Your copy should begin at the line containing "this 1600×1600 image." and end at the last line of the records below, matching each line exactly and leaving out pictures.

◆ **Dataset content**
———
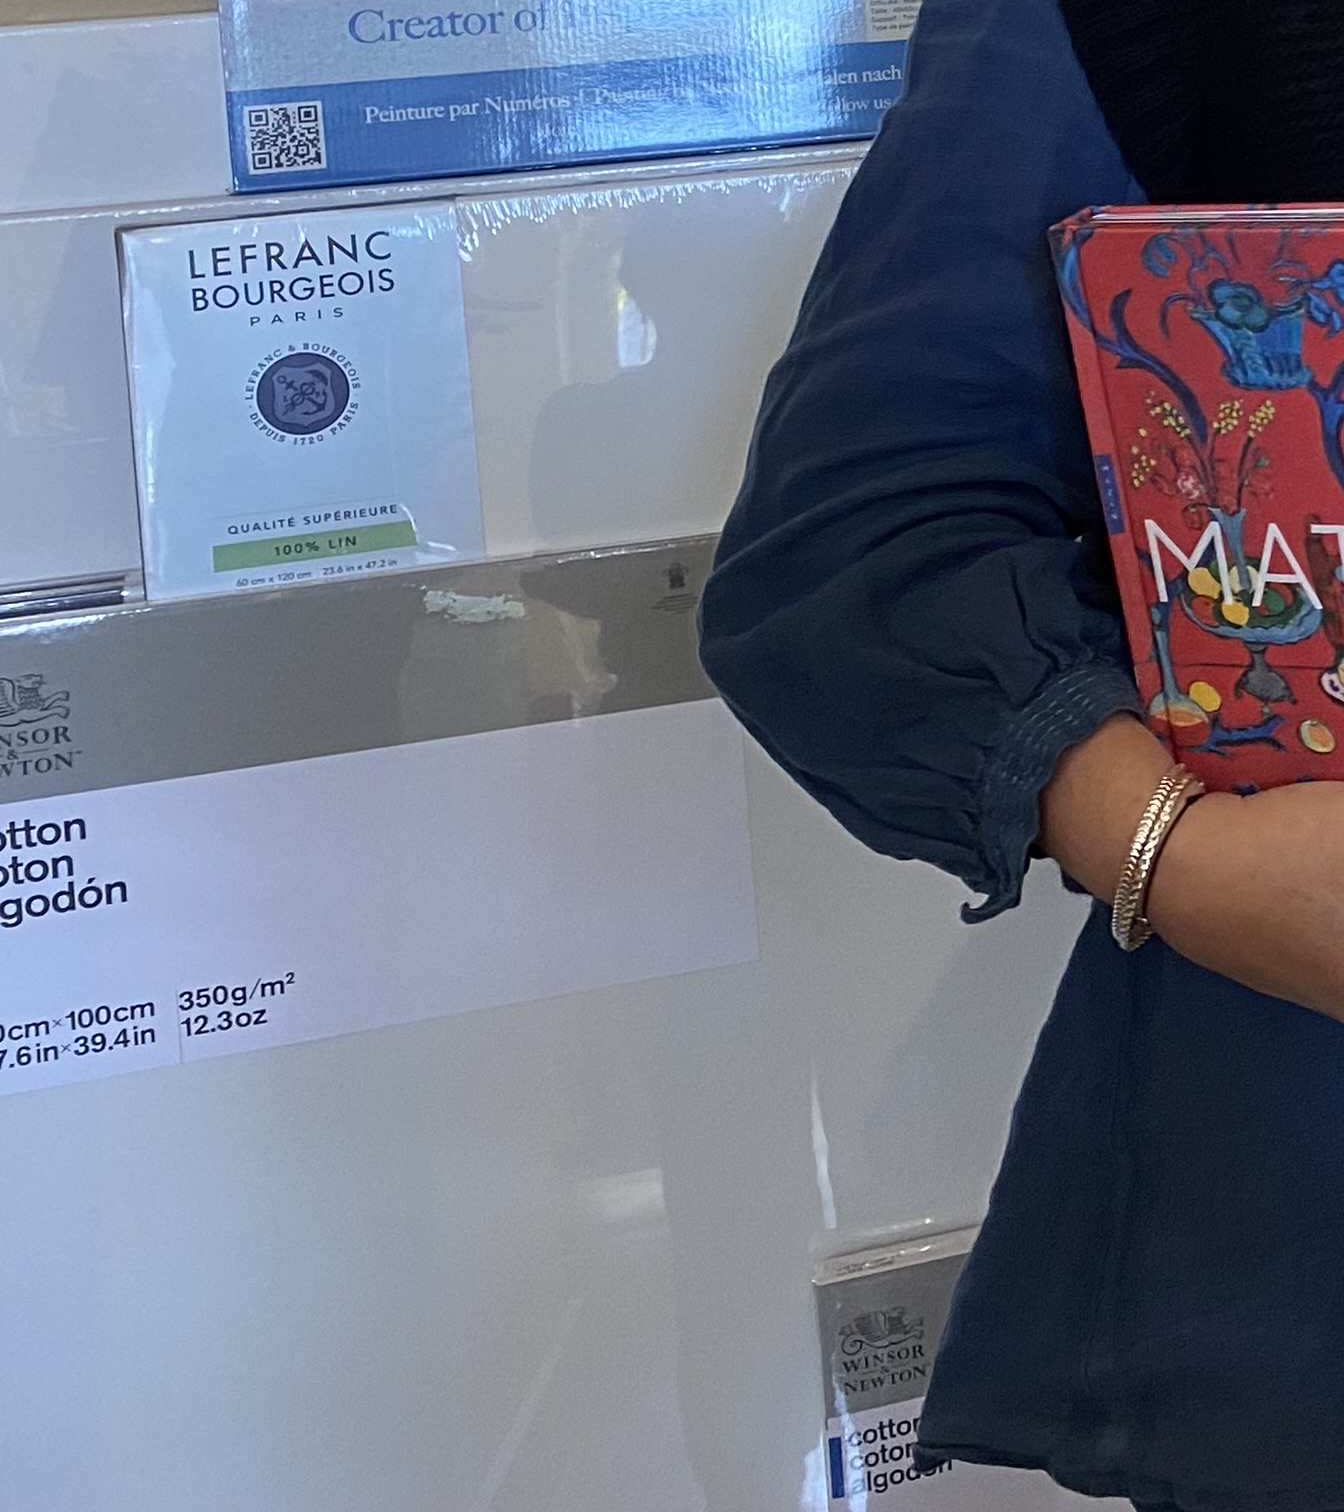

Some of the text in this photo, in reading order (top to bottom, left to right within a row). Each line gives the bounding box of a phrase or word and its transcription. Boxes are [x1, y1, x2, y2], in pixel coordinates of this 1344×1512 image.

[347, 2, 549, 44] Creator of
[362, 92, 572, 126] Peinture par Numéros
[188, 230, 393, 280] LEFRANC
[190, 267, 396, 313] BOURGEOIS
[248, 306, 345, 328] PARIS
[244, 347, 282, 401] LEFRANC
[302, 342, 362, 391] BOURGEOIS
[248, 401, 360, 447] DEPUIS 1720 PARIS
[227, 503, 399, 536] QUALITÉ SUPÉRIEURE
[274, 534, 358, 558] 100% LIN
[180, 1008, 268, 1039] 12.3oz
[841, 1342, 926, 1374] WINSOR
[844, 1364, 928, 1396] NEWTON
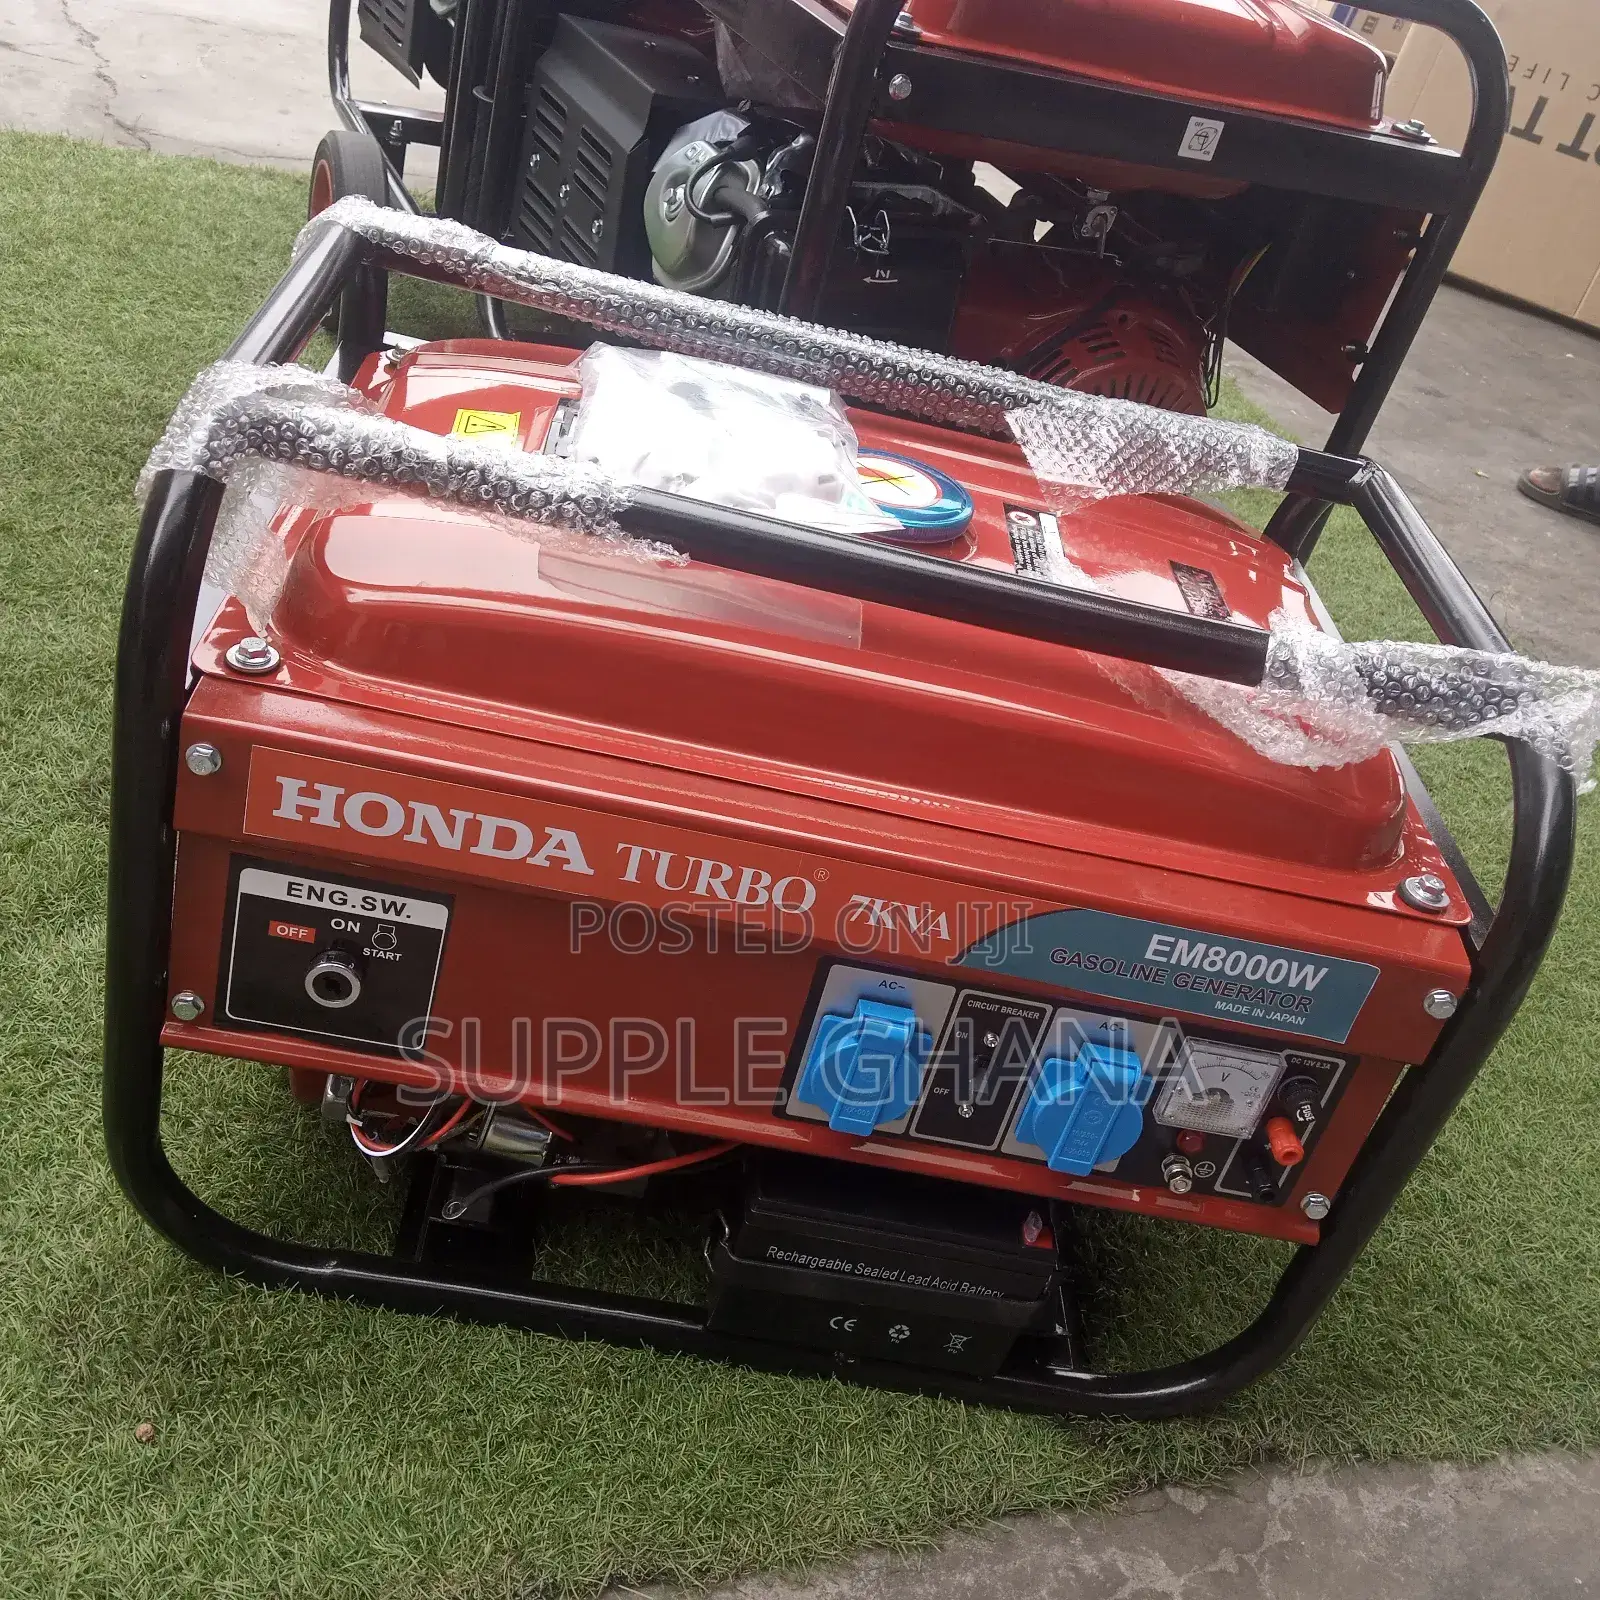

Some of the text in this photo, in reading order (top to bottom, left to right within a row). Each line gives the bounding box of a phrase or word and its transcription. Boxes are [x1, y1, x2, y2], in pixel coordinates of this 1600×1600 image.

[1508, 54, 1571, 92] LIFE
[272, 775, 952, 942] HONDA TURBO 7KVA
[285, 882, 412, 919] ENG.SW.
[276, 924, 309, 940] OFF
[330, 917, 361, 934] ON
[362, 947, 403, 962] START
[1144, 933, 1329, 993] EM8000W
[1049, 947, 1314, 1014] GASOLINE GENERATOR
[967, 999, 1040, 1020] CIRCUIT BREAKER
[1214, 1000, 1306, 1026] MADE IN JAPAN
[956, 1030, 969, 1040] ON
[1290, 1057, 1302, 1065] DC
[1303, 1058, 1316, 1067] 12V
[1221, 1072, 1231, 1083] V
[933, 1086, 951, 1097] OFF
[1301, 1104, 1316, 1122] FUSE
[766, 1245, 1004, 1298] Rechargeable Sealed Lead Acid Battery
[829, 1316, 857, 1334] CE
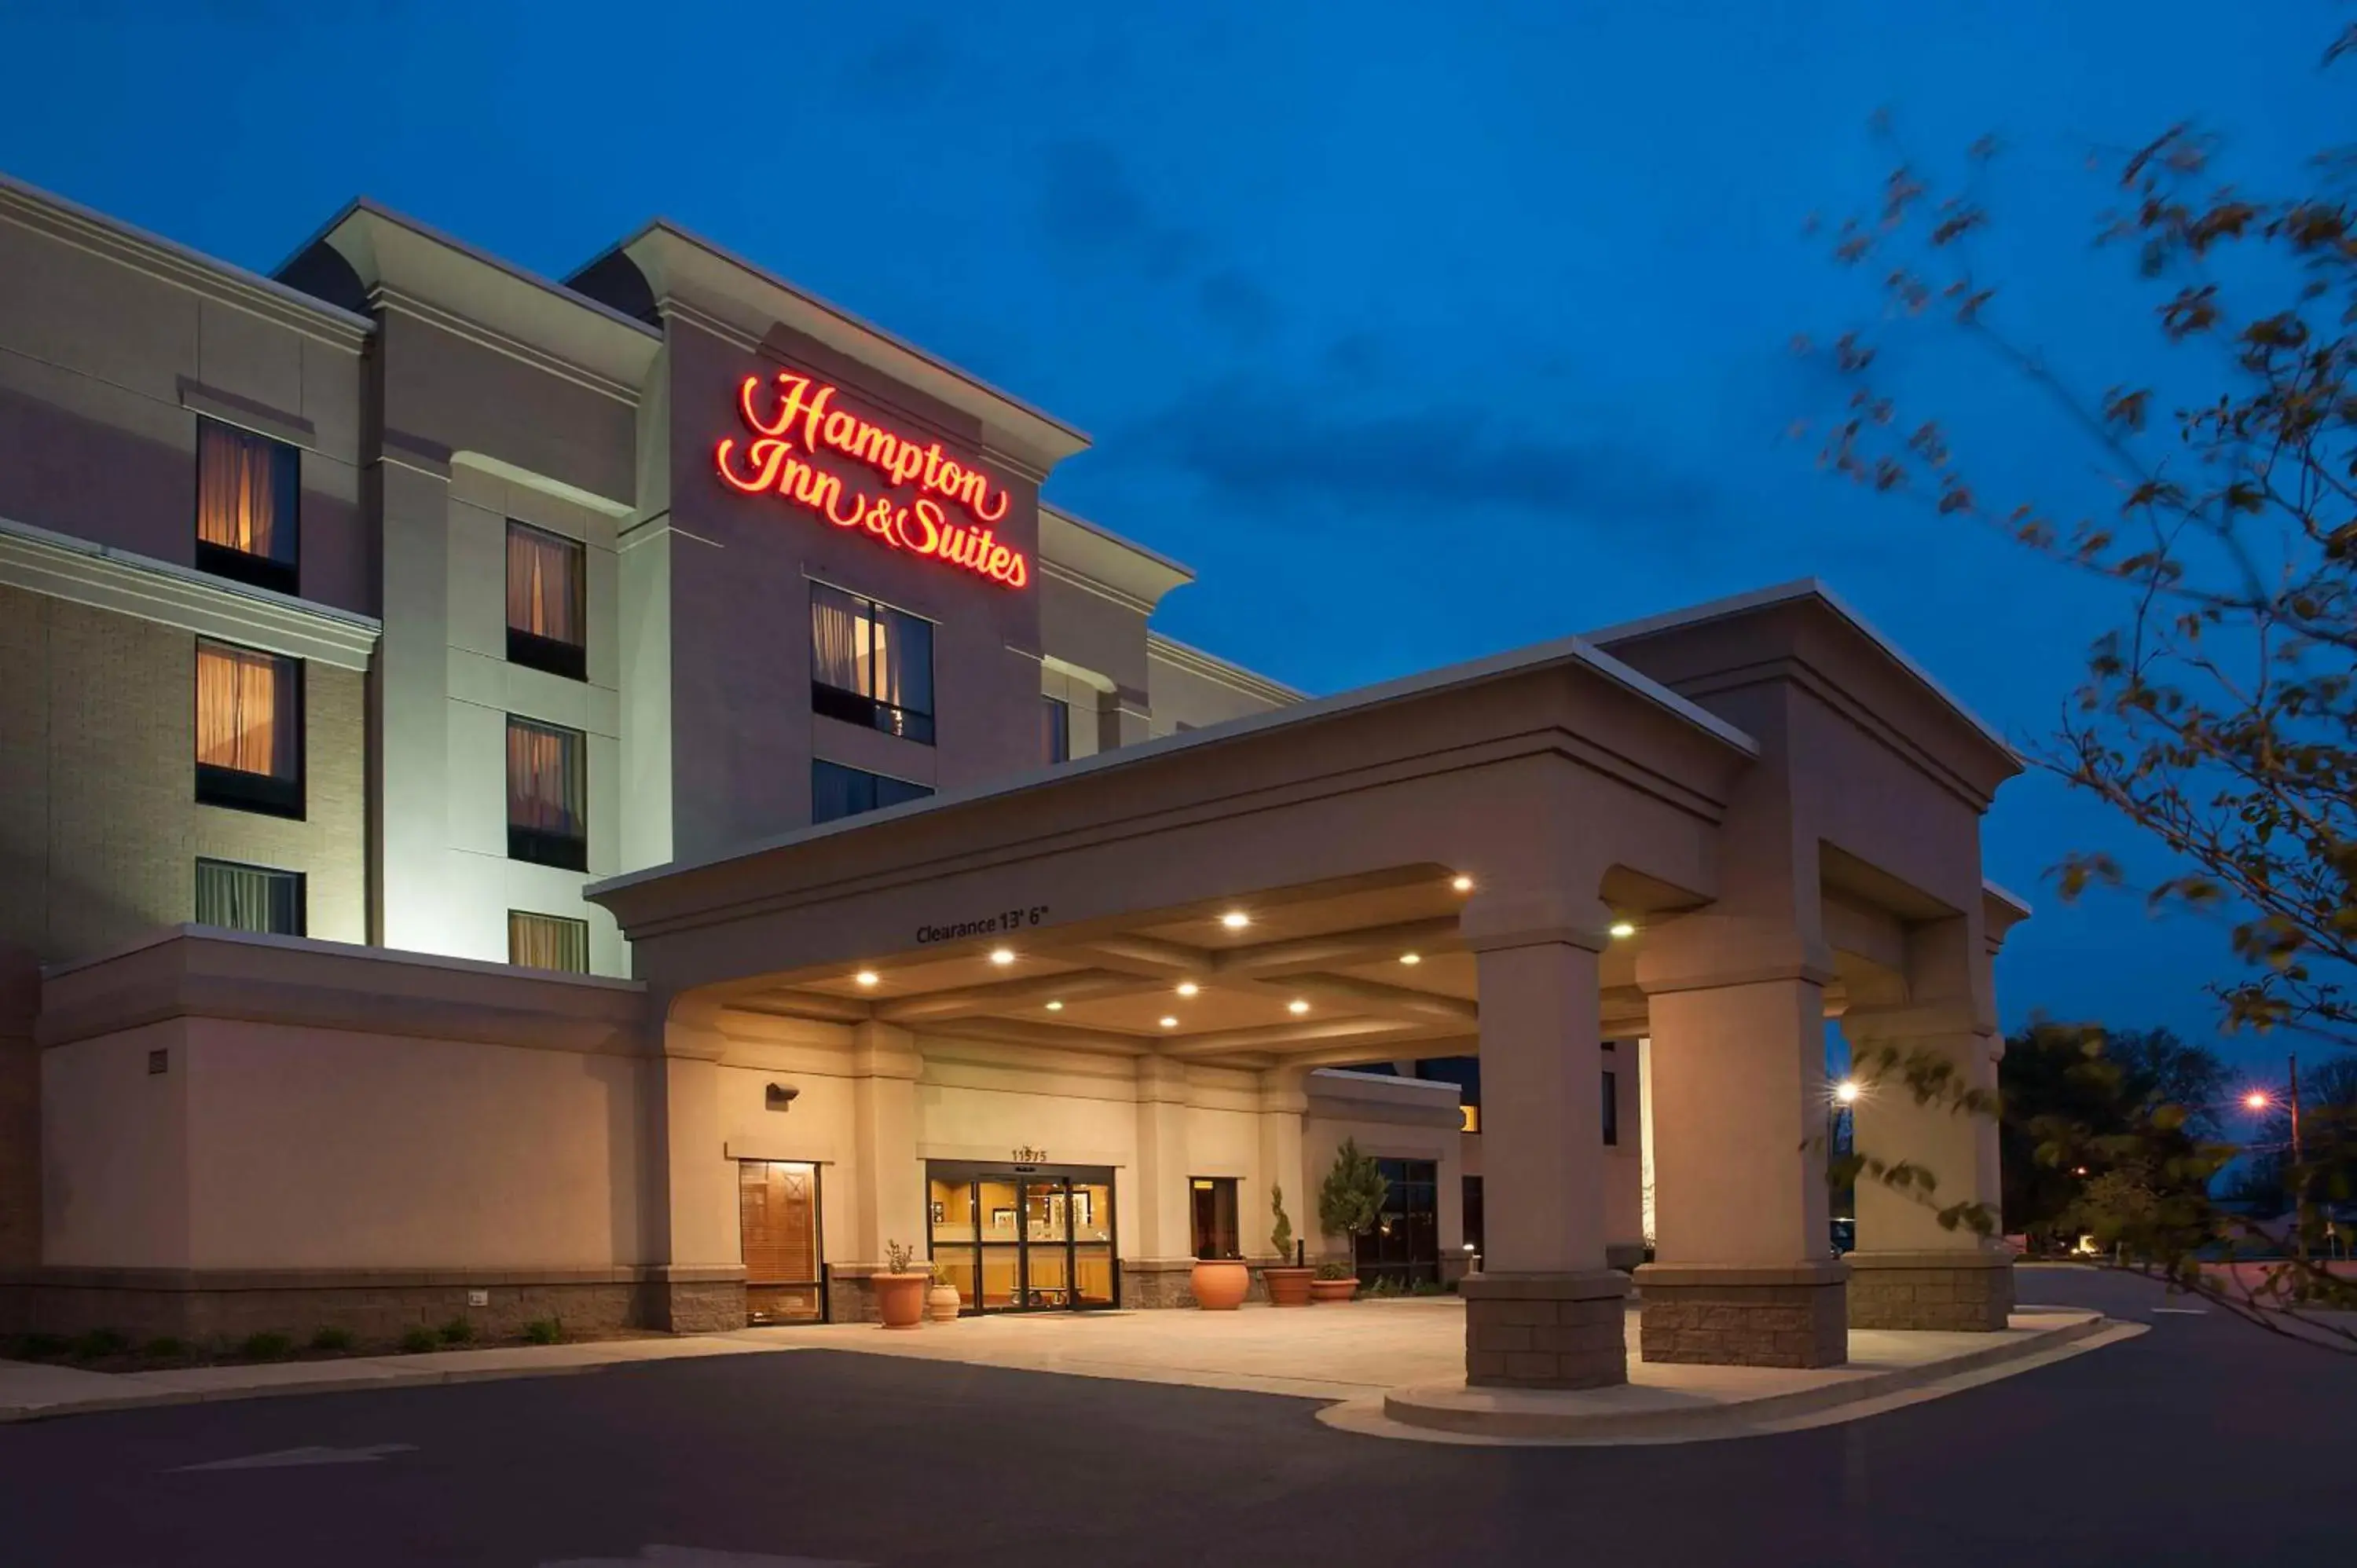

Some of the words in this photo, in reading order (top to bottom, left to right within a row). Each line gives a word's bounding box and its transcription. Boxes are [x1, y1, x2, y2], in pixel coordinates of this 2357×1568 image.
———
◆ **Response for this exercise**
Some of the text in this photo, in reading order (top to bottom, left to right within a row). Each line gives the bounding box of a phrase or word and its transcription. Boxes are [x1, y1, x2, y2], in pixel coordinates of this 1600×1600 image.

[1508, 54, 1571, 92] LIFE
[272, 775, 952, 942] HONDA TURBO 7KVA
[285, 882, 412, 919] ENG.SW.
[276, 924, 309, 940] OFF
[330, 917, 361, 934] ON
[362, 947, 403, 962] START
[1144, 933, 1329, 993] EM8000W
[1049, 947, 1314, 1014] GASOLINE GENERATOR
[967, 999, 1040, 1020] CIRCUIT BREAKER
[1214, 1000, 1306, 1026] MADE IN JAPAN
[956, 1030, 969, 1040] ON
[1290, 1057, 1302, 1065] DC
[1303, 1058, 1316, 1067] 12V
[1221, 1072, 1231, 1083] V
[933, 1086, 951, 1097] OFF
[1301, 1104, 1316, 1122] FUSE
[766, 1245, 1004, 1298] Rechargeable Sealed Lead Acid Battery
[829, 1316, 857, 1334] CE

Some of the words in this photo, in reading order (top to bottom, left to right within a row). Each line gives a word's bounding box and its transcription. Boxes are [x1, y1, x2, y2], in pixel coordinates of this 2357×1568 image.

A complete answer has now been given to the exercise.